Images for object localization

--

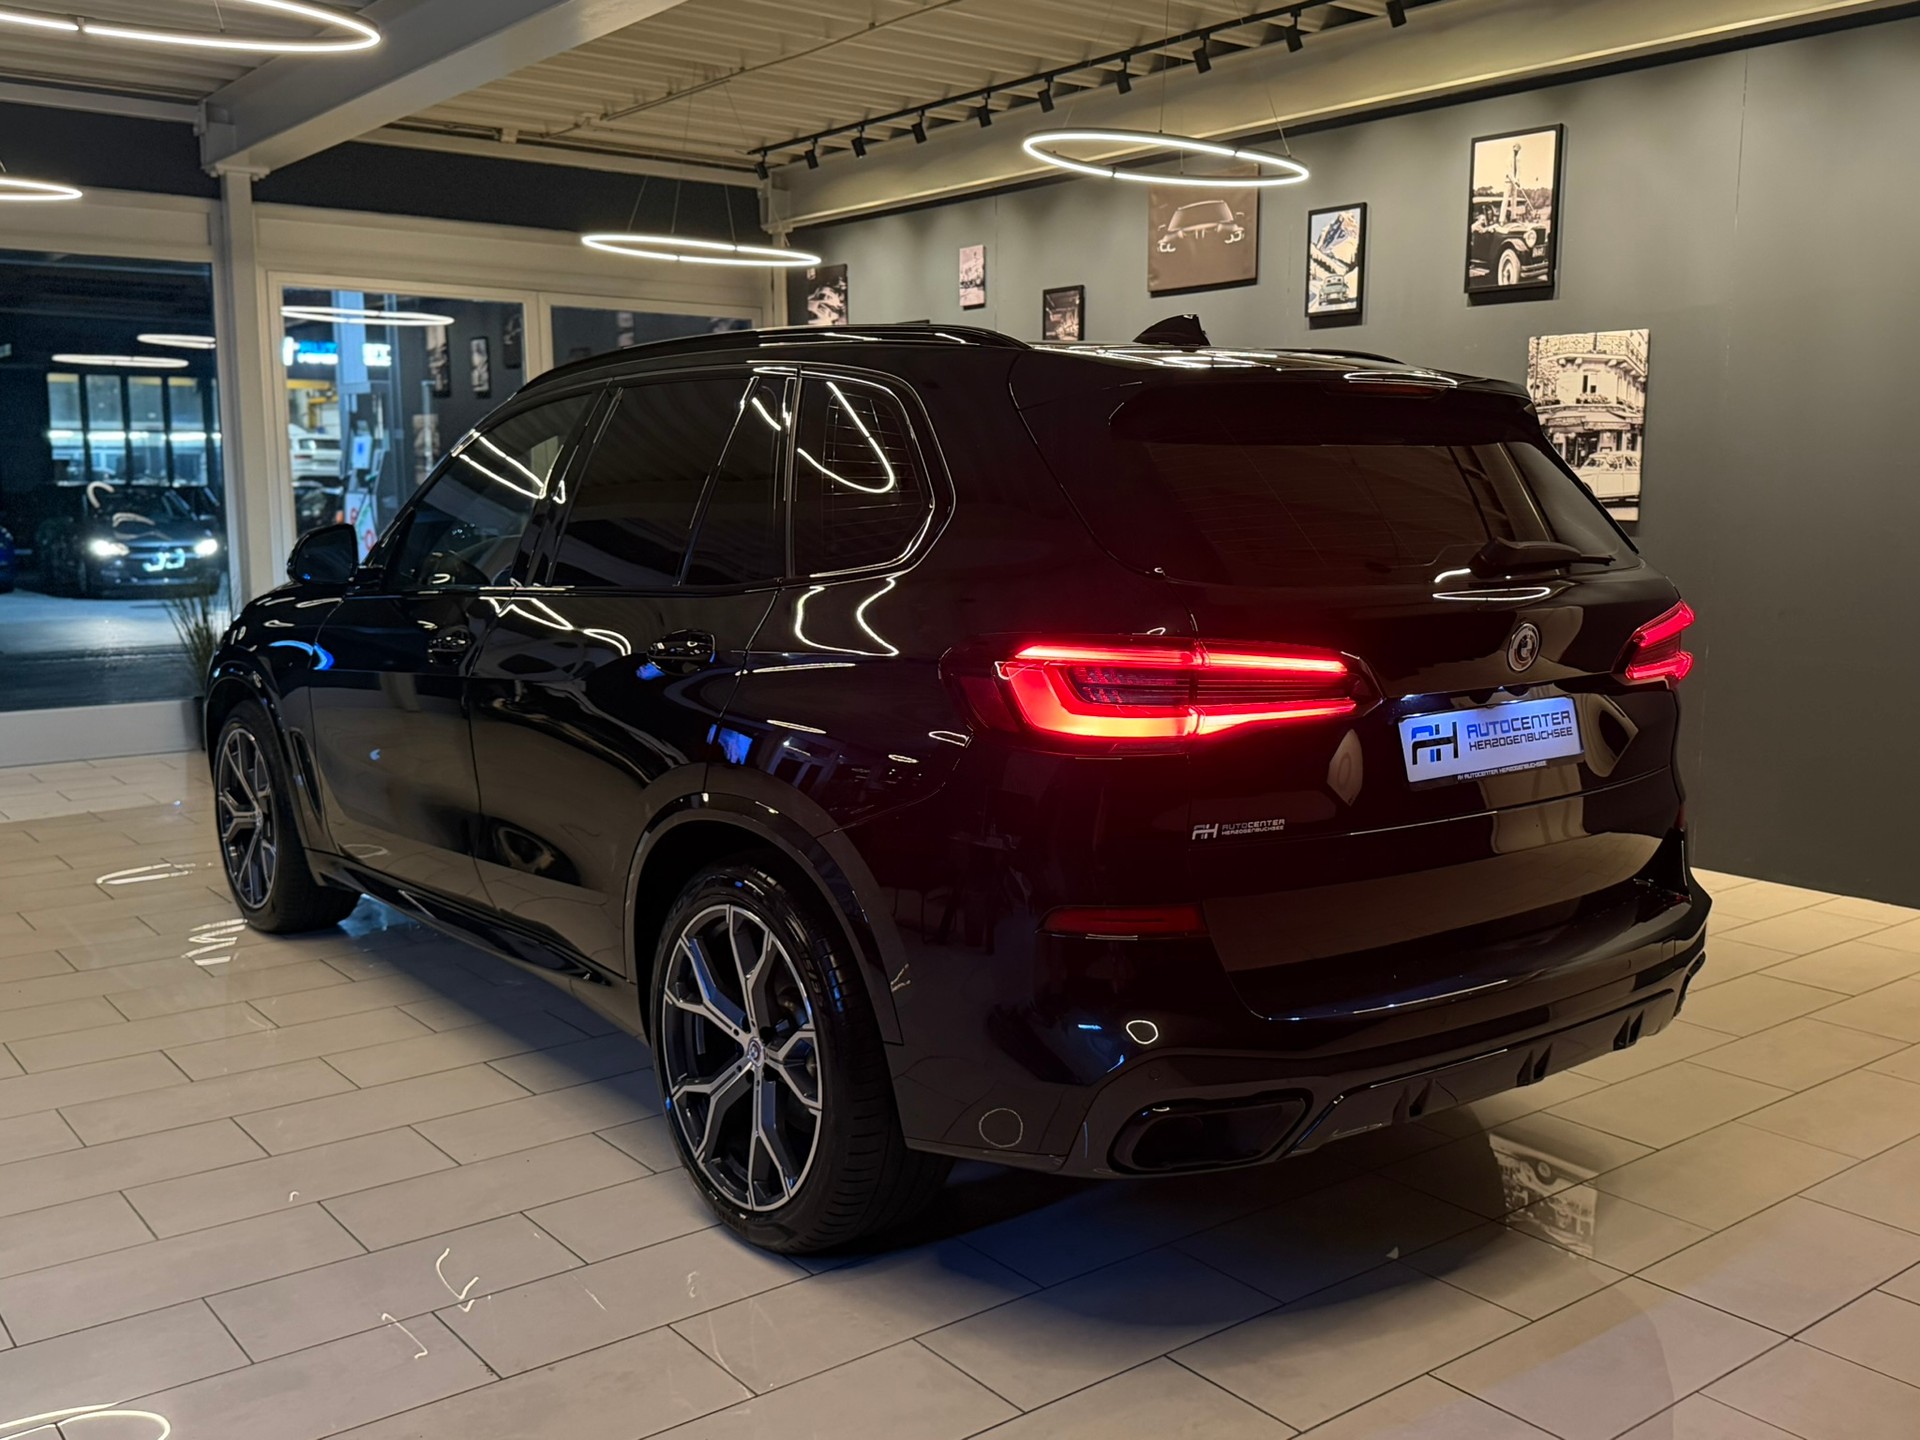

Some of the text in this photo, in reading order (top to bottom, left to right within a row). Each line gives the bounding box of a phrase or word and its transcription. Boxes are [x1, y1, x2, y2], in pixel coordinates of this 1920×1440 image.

[1466, 710, 1572, 739] AUTOCENTER
[1469, 726, 1574, 752] HERZOGENBUCHSEE
[1464, 769, 1498, 780] AUTOCENTER
[1499, 760, 1548, 775] HERZOGENBUCHSEE
[1221, 818, 1285, 830] AUTOCENTER
[1221, 825, 1285, 835] HERZOGENBUCHSEE

--

Transcribe all lines above exactly, skipping pictures.

▶ [Result]
Some of the text in this photo, in reading order (top to bottom, left to right within a row). Each line gives the bounding box of a phrase or word and its transcription. Boxes are [x1, y1, x2, y2], in pixel coordinates of this 1920×1440 image.

[1466, 710, 1572, 739] AUTOCENTER
[1469, 726, 1574, 752] HERZOGENBUCHSEE
[1464, 769, 1498, 780] AUTOCENTER
[1499, 760, 1548, 775] HERZOGENBUCHSEE
[1221, 818, 1285, 830] AUTOCENTER
[1221, 825, 1285, 835] HERZOGENBUCHSEE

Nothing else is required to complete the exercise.